Vous avez donc de fortes chances de passer à l’échelle…
S.M : En effet, l’ordinateur quantique à base de lumière est une des deux seules plateformes au monde – avec les plateformes supraconductrices – à avoir montré un avantage computationnel quantique. Par ailleurs, nous avons beaucoup de possibilités pour passer à l’échelle, notamment en utilisant des états à plusieurs photons. En effet, un des atouts majeurs des photons vient du fait qu’il s’agit de particules quantiques sans charge ni masse et qui interagissent très peu avec leur environnement – interaction qui constitue un défi majeur pour les autres plateformes de calcul… Enfin, côté ingénierie les calculs quantiques à base de photons peuvent se faire en grande partie à température ambiante tandis que les autres technologies doivent passer par des systèmes de cryogénique énormes.

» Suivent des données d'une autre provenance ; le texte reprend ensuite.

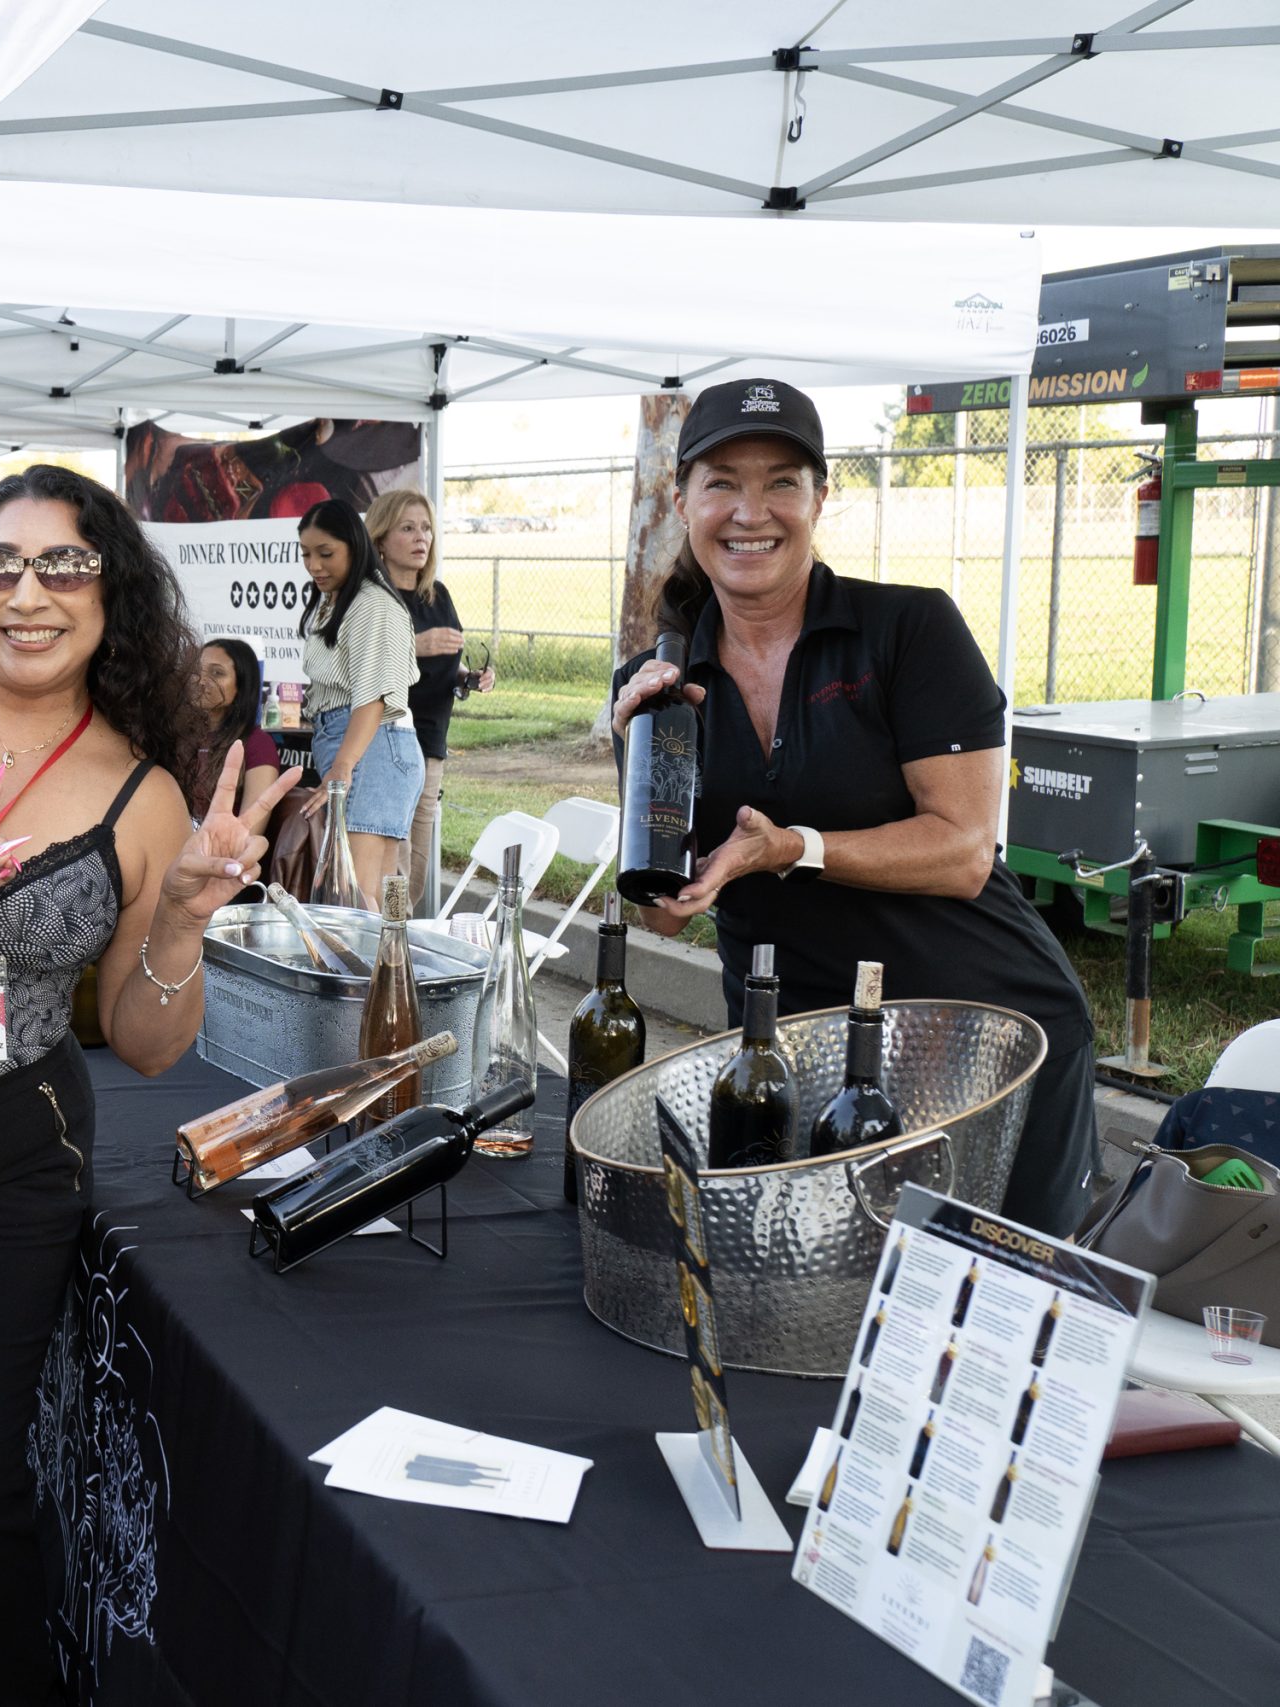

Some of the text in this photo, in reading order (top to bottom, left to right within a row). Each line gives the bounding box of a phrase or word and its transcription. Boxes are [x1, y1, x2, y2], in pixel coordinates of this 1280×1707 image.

[1036, 325, 1076, 345] 6026
[961, 368, 1127, 406] ZERO MISSION
[179, 543, 226, 565] DINNER
[204, 623, 225, 635] ENJOY
[278, 647, 301, 660] OWN
[1023, 765, 1093, 794] SUNBELT
[1032, 784, 1081, 800] RENTALS
[970, 1217, 1055, 1265] DISCOVER

Dernier point important, les photons sont les particules de choix pour transmettre l’information quantique d’un endroit à l’autre et pour créer un jour un internet quantique et connecter diverses machines de calcul quantique.
Quandela est aussi une start-up en pleine croissance. Quels sont les profils dont vous avez besoin pour accompagner votre croissance ?
P.S : En effet, nous sommes aujourd’hui une quarantaine de personnes et recrutons deux à trois personnes par mois. Nous avons besoin de profils divers et variés pour accompagner notre développement : des chercheurs, des informaticiens, des mathématiciens, des personnes spécialisées en algorithmique quantique et d’autres pour la partie développement économique et partenariats avec des utilisateurs industriels.
Quandela est un écosystème en pleine construction. Les technologies quantiques de Quandela ont bien plus qu’un seul atout à leur arc. Nous fournissons du hardware aux ingénieurs qui développent et nous développons un ordinateur quantique. Nos portes sont ouvertes à toutes les personnes motivées qui ont envie de participer à une aventure technologique passionnante et en plein essor.
En bref
Quandela est une entreprise experte dans la fabrication de composants pour la photonique quantique. La start-up a été fondée en 2017 par Pascale Senellart, directrice de recherche au centre de nanosciences et de nanotechnologies du CNRS et de l’Université Paris-Saclay, Valérian Giesz, ingénieur et docteur en optique quantique, et Niccolo Somaschi, docteur en nanotechnologies semi-conductrices. La jeune pousse se concentre sur le développement d’un ordinateur quantique photonique. Allant dans ce sens, elle a dévoilé dans le courant de l’année 2020 Prometheus, le premier générateur de qubits photoniques commercial au monde.